Com o surgimento da fotografia, o fascínio pela morte não declinou. Sontag (2003, p. 23) defende, por exemplo, que:


Como uma imagem produzida por uma câmera é, literalmente, um vestígio de algo trazido para diante da lente, as fotos superavam qualquer pintura como lembrança do passado desaparecido e dos entes queridos que se foram.

As guerras existentes na primeira metade do século XX exemplificam, de acordo com Sontag (2003), outra situação: graças às fotografias, ampliou-se a possibilidade de ser um espectador de calamidades ocorridas em outros países. Às fotos coube uma autoridade maior do que qualquer relato oral para transmitir os horrores da produção de morte em massa, especialmente na Segunda Guerra Mundial.

Justificando essa valorização da fotografia, Sontag (2003, p. 23) acrescenta que:


O fluxo incessante de imagens (televisão, vídeo, cinema) constitui o nosso meio circundante, mas quando se trata de recordar, a fotografia fere mais fundo.
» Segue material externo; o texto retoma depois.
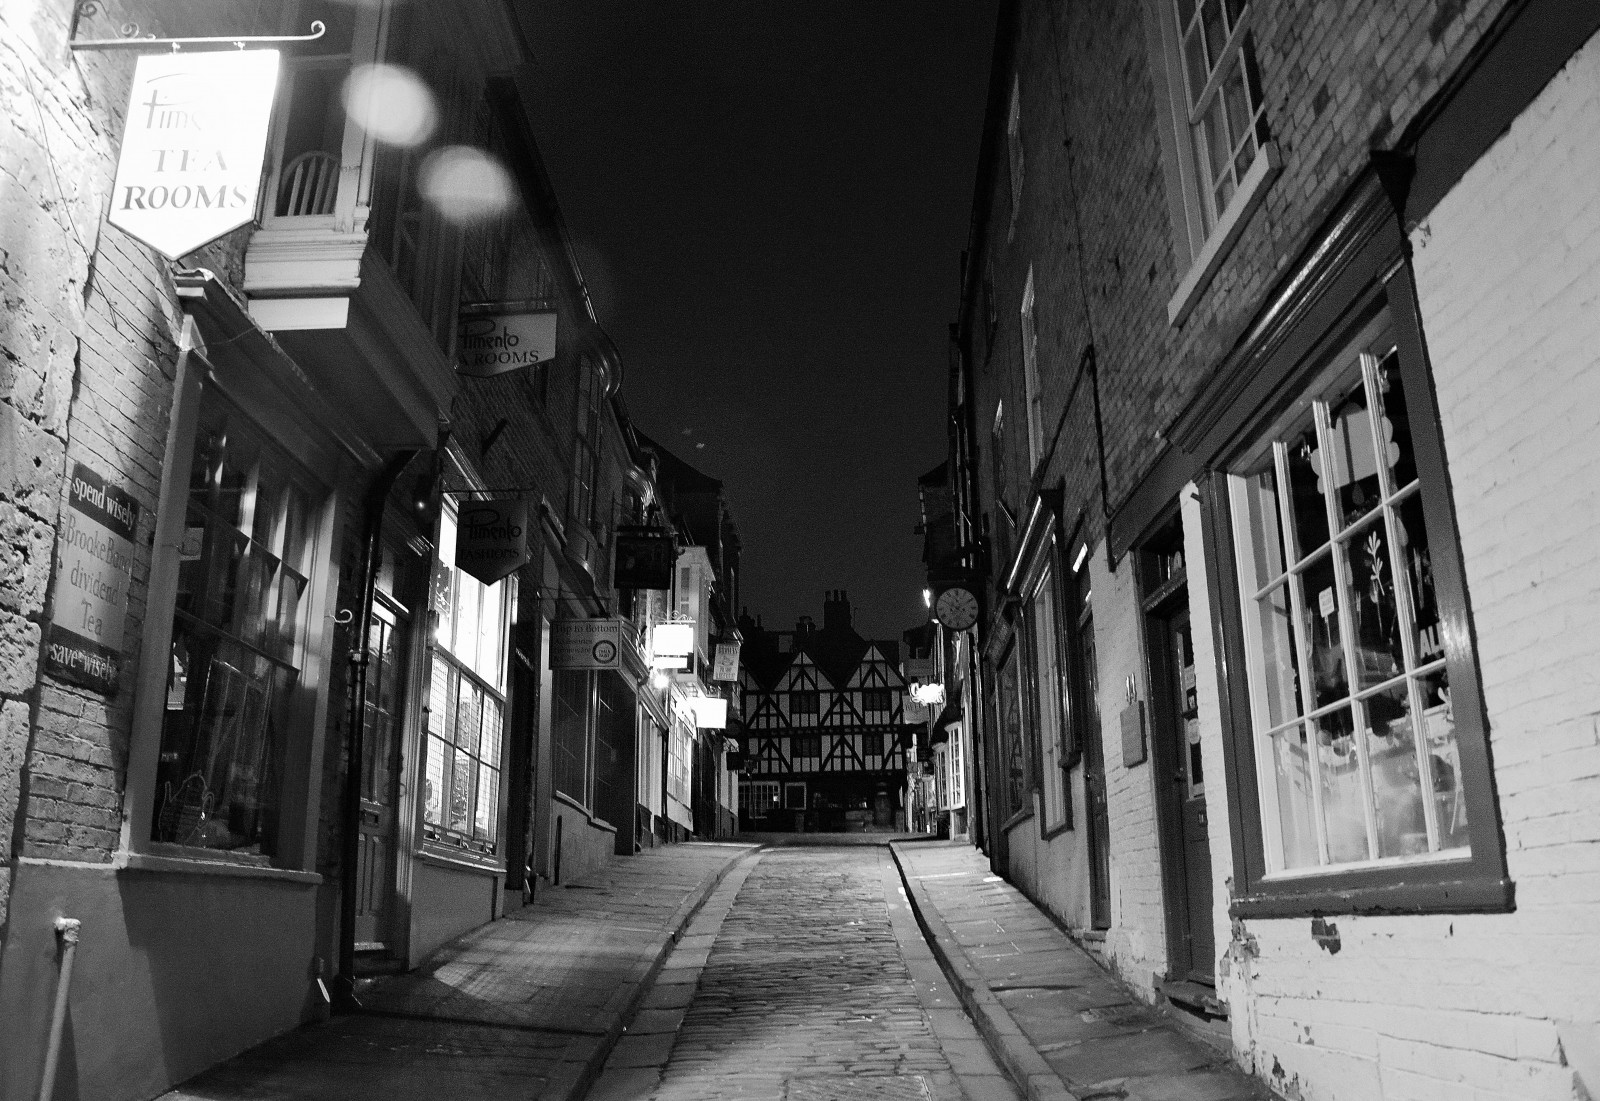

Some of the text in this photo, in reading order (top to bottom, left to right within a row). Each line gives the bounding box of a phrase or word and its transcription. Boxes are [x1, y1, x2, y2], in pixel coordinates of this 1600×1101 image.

A memória congela o quadro; sua unidade básica é a imagem isolada. Numa era sobrecarregada de informações, a fotografia oferece um modo rápido de apreender algo e uma forma compacta de memorizá-lo.

Como decorrência dessa afirmação, neste artigo, busca-se reforçar a tese de que encarar discurso, exclusivamente, como atividade verbal e oral é um engano grave. Aspectos não-verbais da linguagem, especificamente as imagens, são objetos de consumo simbólico e, conseqüentemente, geradores de sentidos.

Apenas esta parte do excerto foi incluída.